- _Brief_:
Once the pictures are removed, restate the data below word for word.

- _Data for the task_:
○ ○ ○ ○
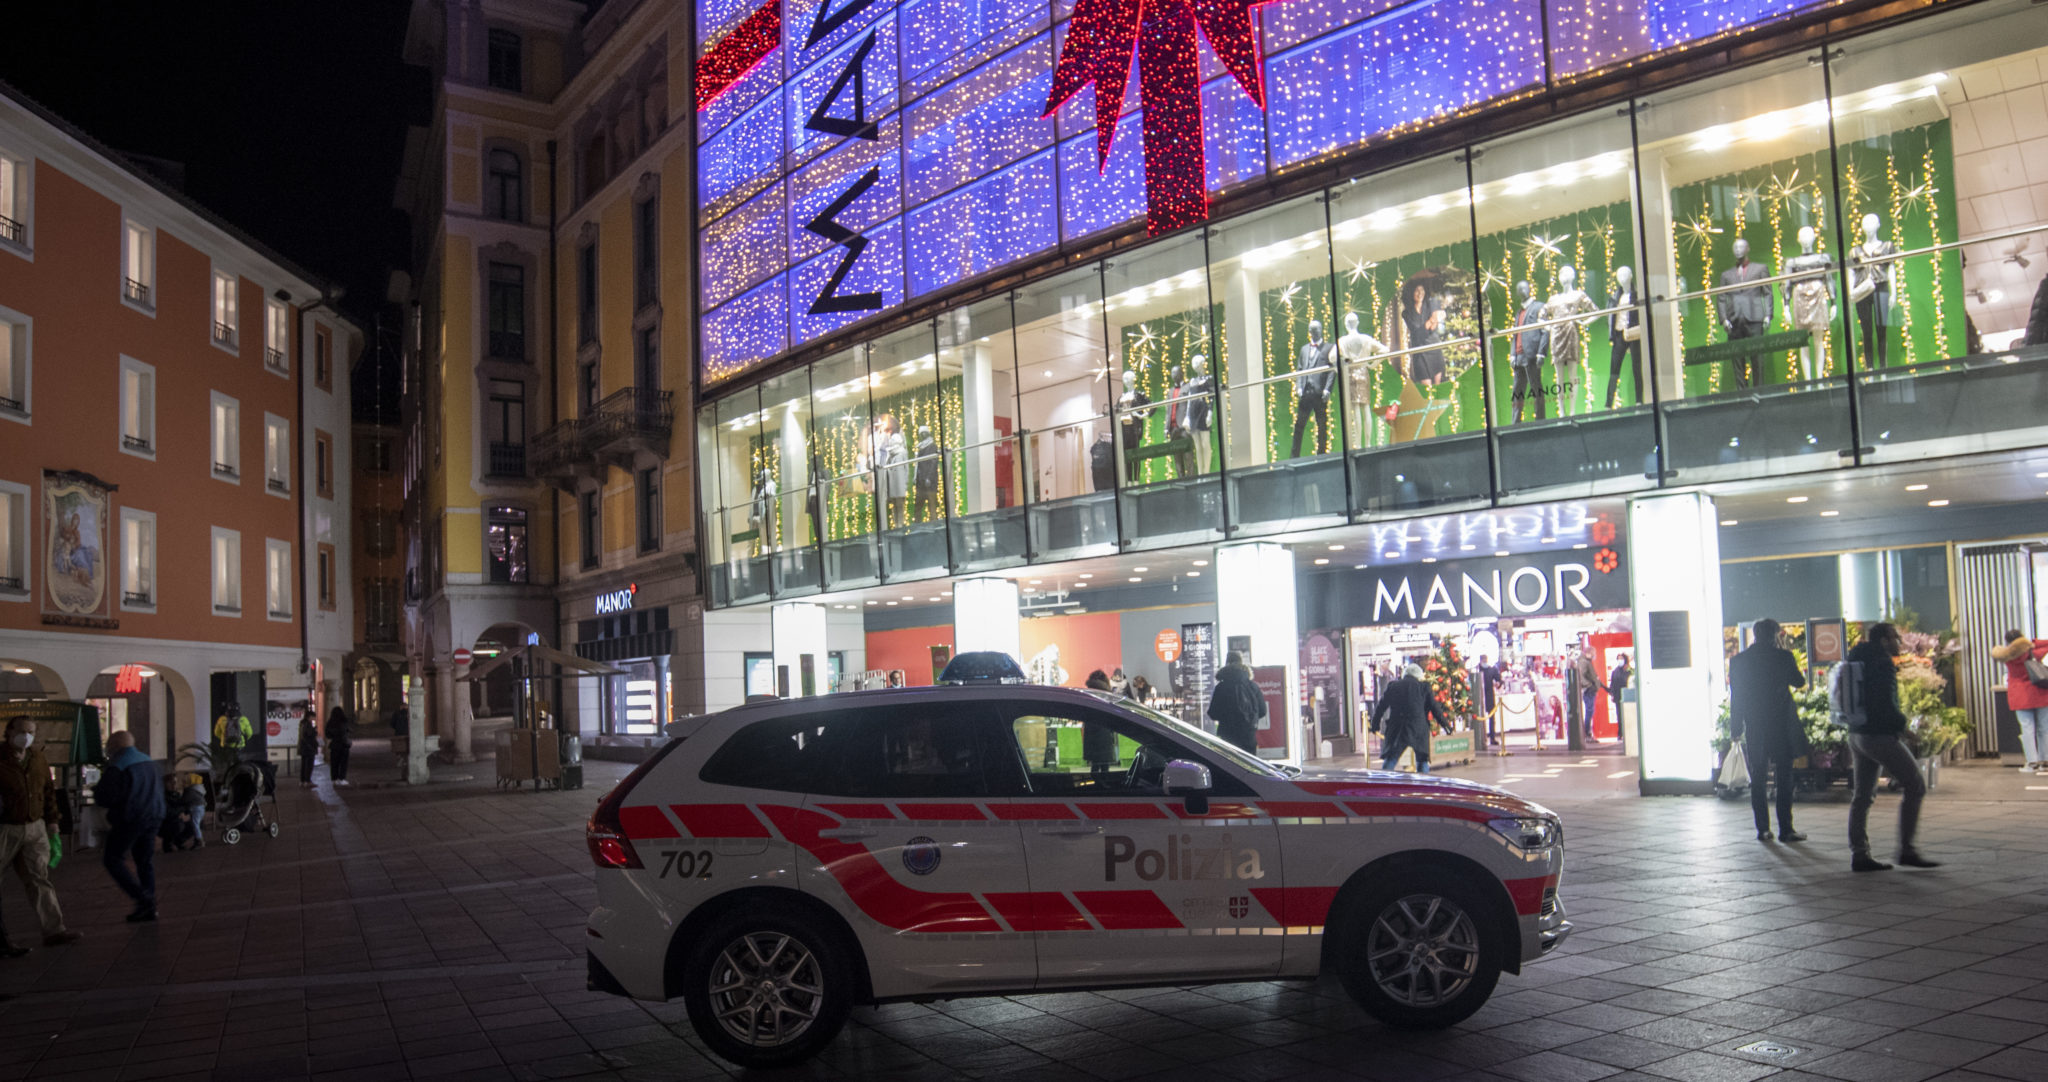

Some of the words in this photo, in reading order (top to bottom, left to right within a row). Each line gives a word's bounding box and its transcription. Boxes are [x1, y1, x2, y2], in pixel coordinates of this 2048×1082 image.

[1511, 382, 1573, 402] MANOR
[596, 589, 632, 615] MANOR
[1372, 562, 1592, 622] MANOR
[1188, 643, 1211, 651] GIORNI
[267, 711, 304, 721] wopar
[659, 850, 713, 879] 702
[1104, 833, 1265, 881] Polizia
○ ○ ○ ○
- _Answer for the task_:
Some of the words in this photo, in reading order (top to bottom, left to right within a row). Each line gives a word's bounding box and its transcription. Boxes are [x1, y1, x2, y2], in pixel coordinates of this 2048×1082 image.

[1511, 382, 1573, 402] MANOR
[596, 589, 632, 615] MANOR
[1372, 562, 1592, 622] MANOR
[1188, 643, 1211, 651] GIORNI
[267, 711, 304, 721] wopar
[659, 850, 713, 879] 702
[1104, 833, 1265, 881] Polizia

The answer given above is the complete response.